- _WHAT THE TASK REQUIRES_:
Your reply should consist of the entries, copied exactly and stripped of images.
ENTRIES PROVIDED START
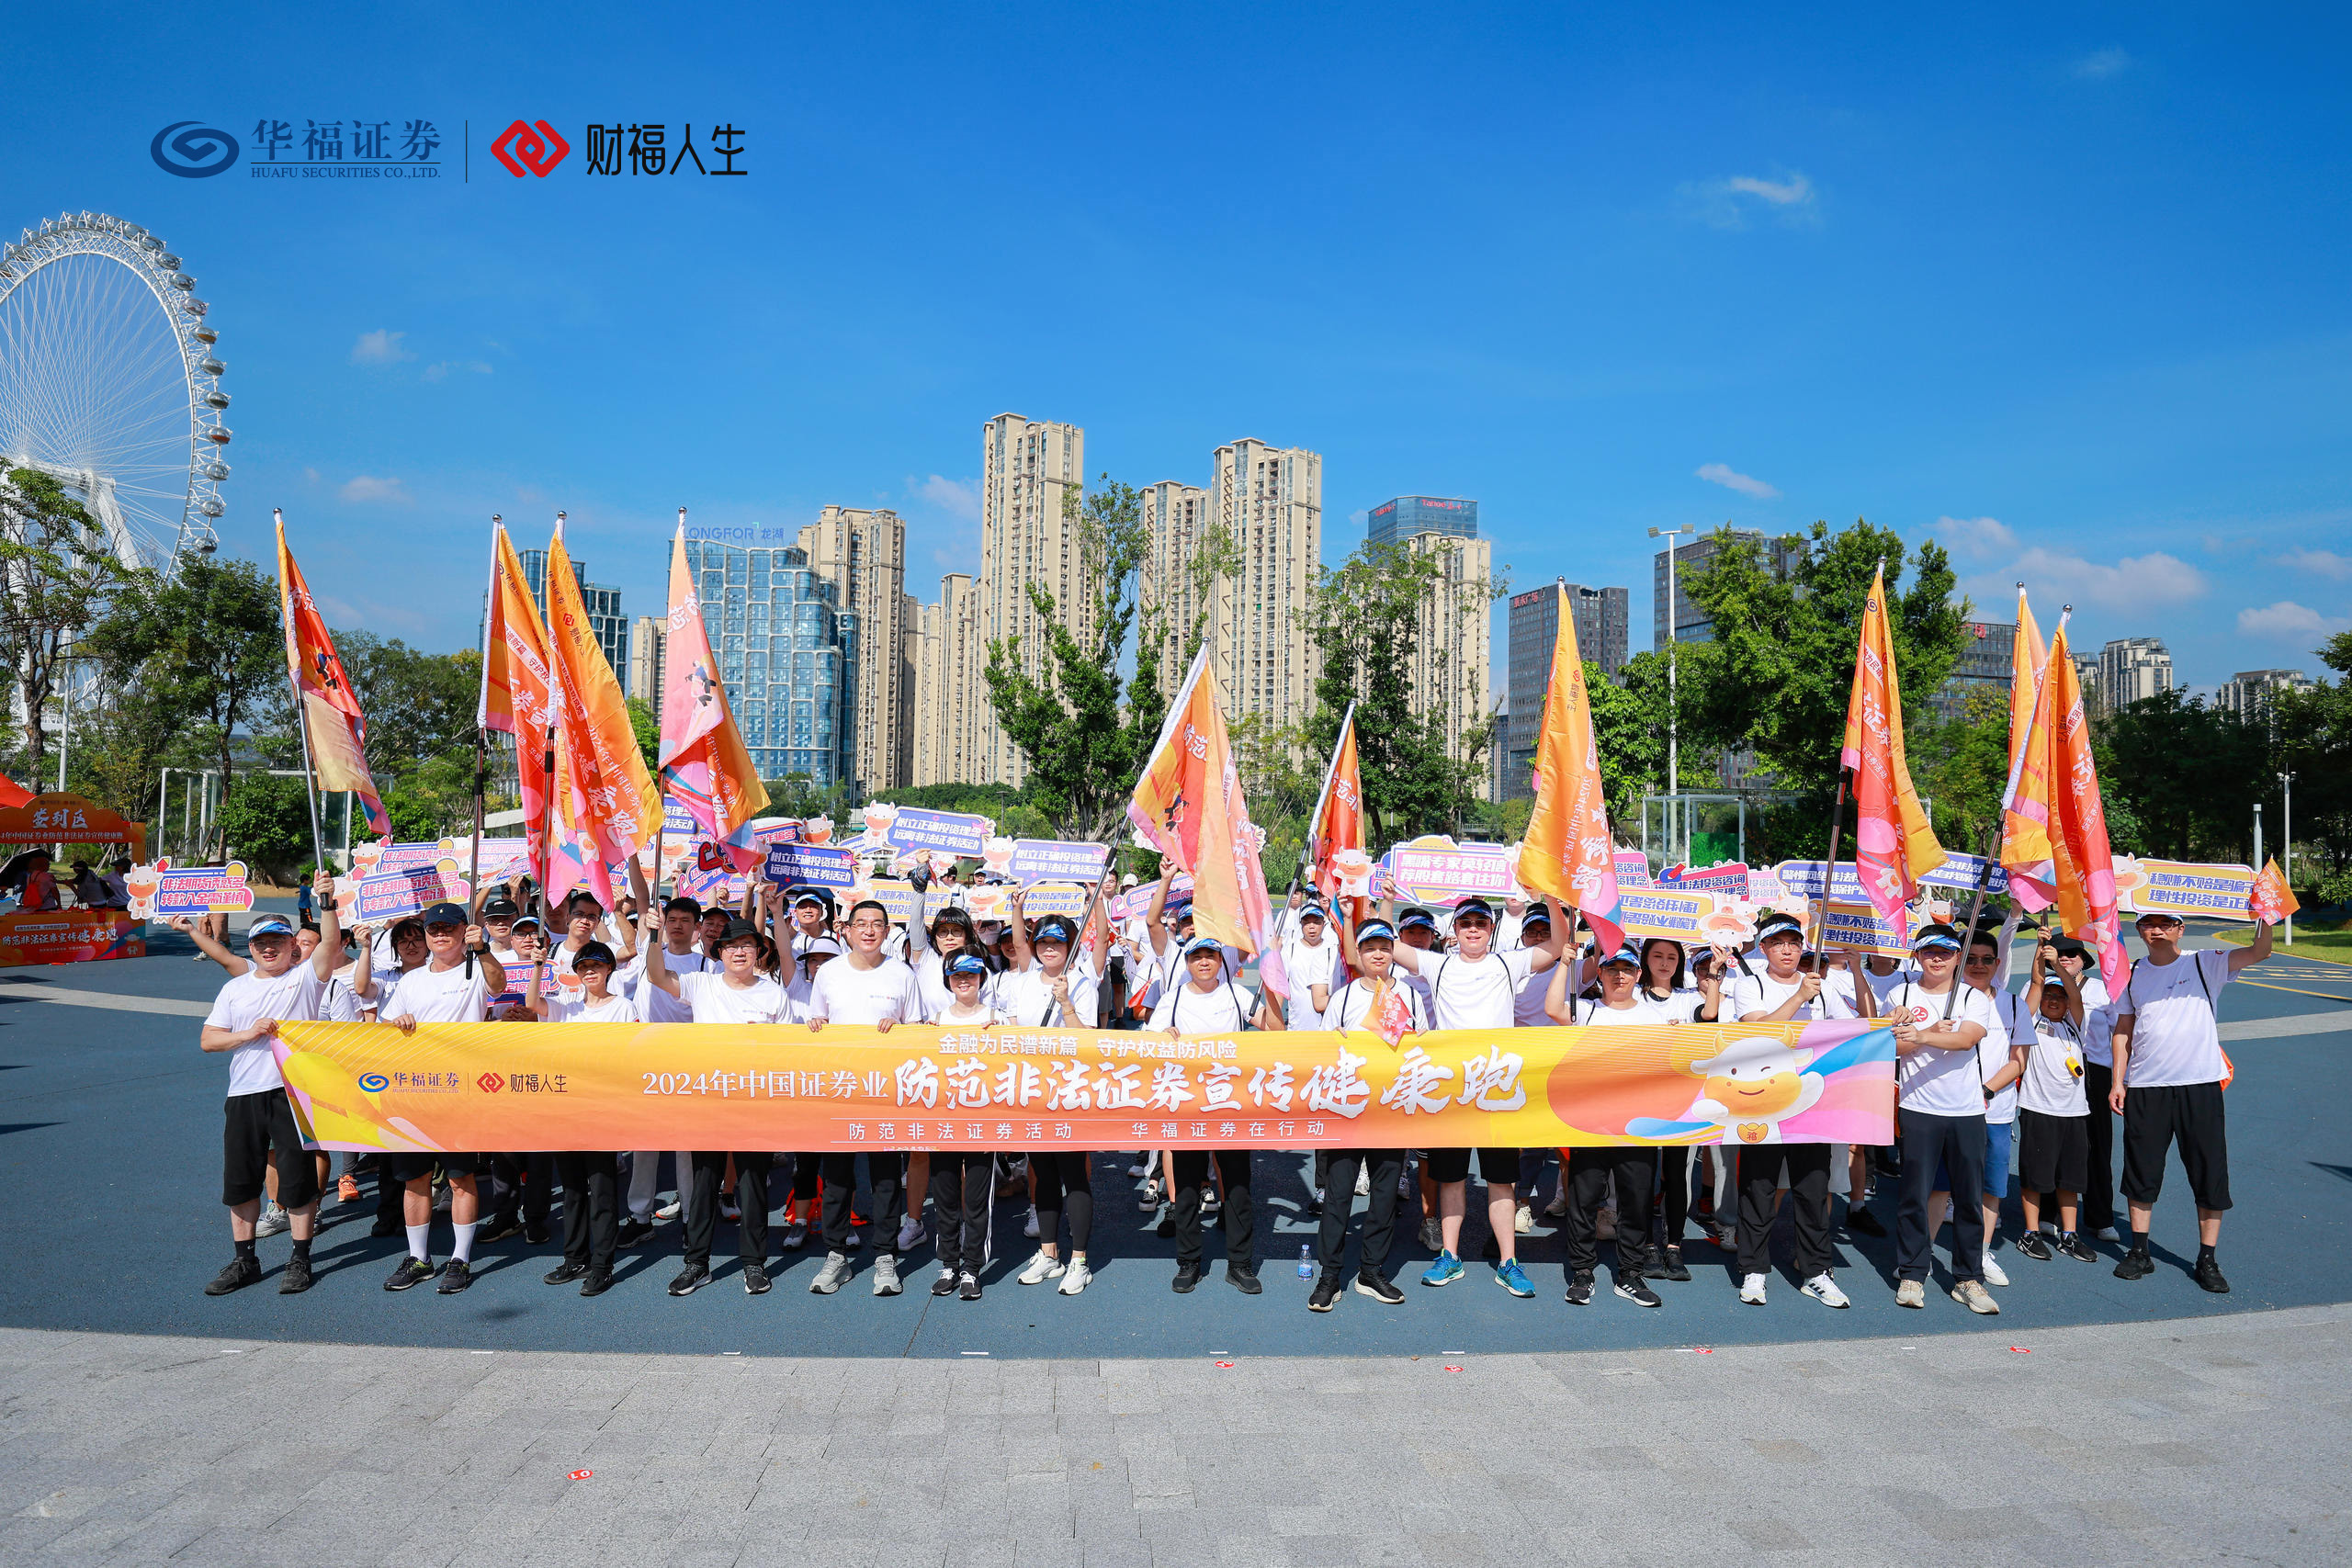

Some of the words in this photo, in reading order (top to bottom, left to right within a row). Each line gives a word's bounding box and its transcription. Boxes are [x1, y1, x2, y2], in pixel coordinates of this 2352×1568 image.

[684, 527, 754, 539] ONGFOR
[896, 816, 982, 838] 树立正确投资理念
[893, 829, 980, 851] 远离非法证券活动
[771, 851, 852, 870] 树立正确投资理念
[1015, 848, 1104, 865] 树立正确投资理念
[770, 863, 852, 883] 远离非法证券活动
[1014, 860, 1104, 876] 远离非法证券活动
[1400, 868, 1507, 887] 荐股套路套住你
[160, 889, 245, 907] 转款入金需谨慎
[362, 885, 460, 913] 转款入金需谨慎
[1912, 1008, 1928, 1021] 02
[938, 1034, 1079, 1056] 金融为民谱新篇
[1098, 1038, 1238, 1059] 守护权益防风险
[392, 1072, 459, 1087] 华福证券
[510, 1073, 568, 1093] 财福人生
[642, 1067, 890, 1100] 2024年中国证券业
[895, 1044, 1528, 1119] 防范非法证券宣传健康跑
[848, 1122, 1072, 1140] 防范非法证券活动
[1131, 1120, 1325, 1139] 华福证券在行动
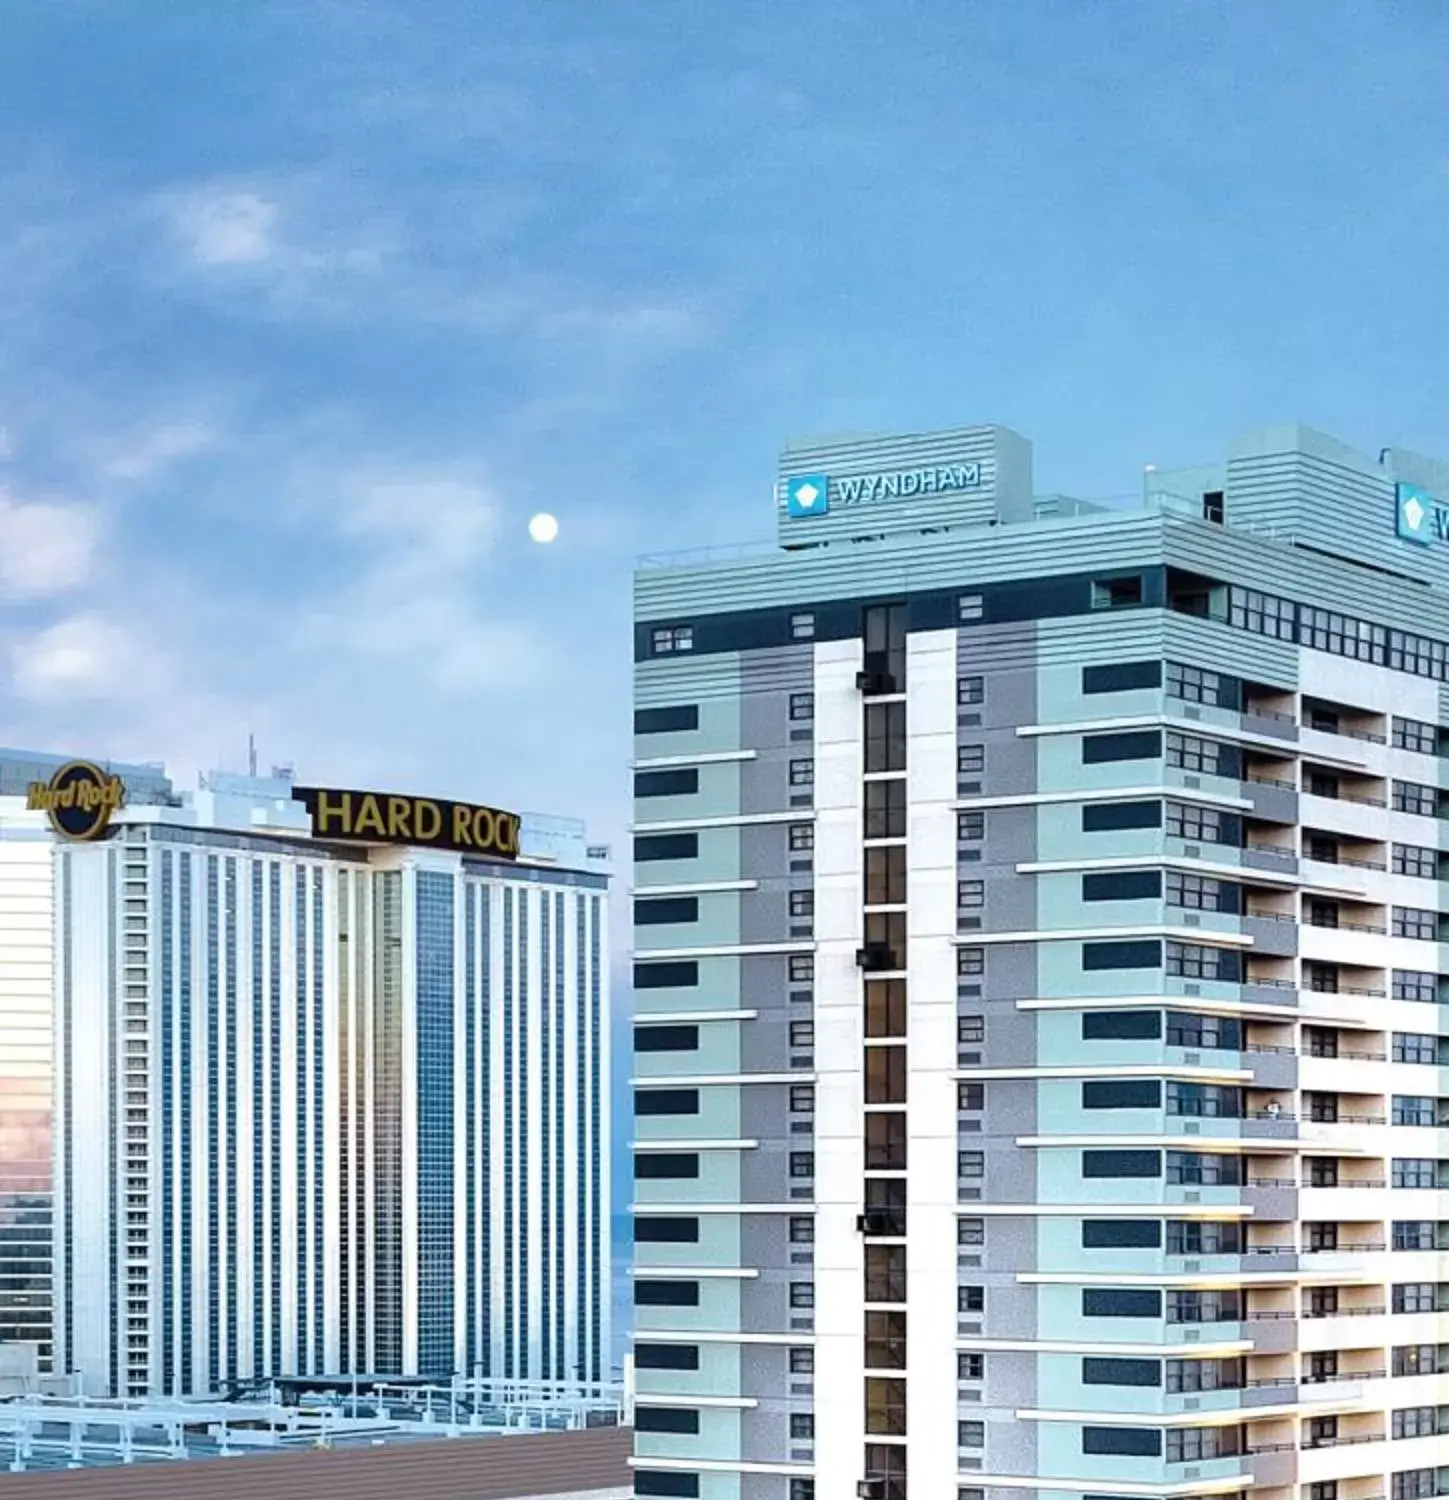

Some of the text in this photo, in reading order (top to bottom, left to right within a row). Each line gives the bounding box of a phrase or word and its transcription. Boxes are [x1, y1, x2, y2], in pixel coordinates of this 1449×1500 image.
ENTRIES PROVIDED END
- _RESPONSE BOX_:
Some of the words in this photo, in reading order (top to bottom, left to right within a row). Each line gives a word's bounding box and its transcription. Boxes are [x1, y1, x2, y2], in pixel coordinates of this 2352×1568 image.

[684, 527, 754, 539] ONGFOR
[896, 816, 982, 838] 树立正确投资理念
[893, 829, 980, 851] 远离非法证券活动
[771, 851, 852, 870] 树立正确投资理念
[1015, 848, 1104, 865] 树立正确投资理念
[770, 863, 852, 883] 远离非法证券活动
[1014, 860, 1104, 876] 远离非法证券活动
[1400, 868, 1507, 887] 荐股套路套住你
[160, 889, 245, 907] 转款入金需谨慎
[362, 885, 460, 913] 转款入金需谨慎
[1912, 1008, 1928, 1021] 02
[938, 1034, 1079, 1056] 金融为民谱新篇
[1098, 1038, 1238, 1059] 守护权益防风险
[392, 1072, 459, 1087] 华福证券
[510, 1073, 568, 1093] 财福人生
[642, 1067, 890, 1100] 2024年中国证券业
[895, 1044, 1528, 1119] 防范非法证券宣传健康跑
[848, 1122, 1072, 1140] 防范非法证券活动
[1131, 1120, 1325, 1139] 华福证券在行动

Some of the text in this photo, in reading order (top to bottom, left to right within a row). Each line gives the bounding box of a phrase or word and its transcription. Boxes are [x1, y1, x2, y2], in pixel coordinates of this 1449×1500 image.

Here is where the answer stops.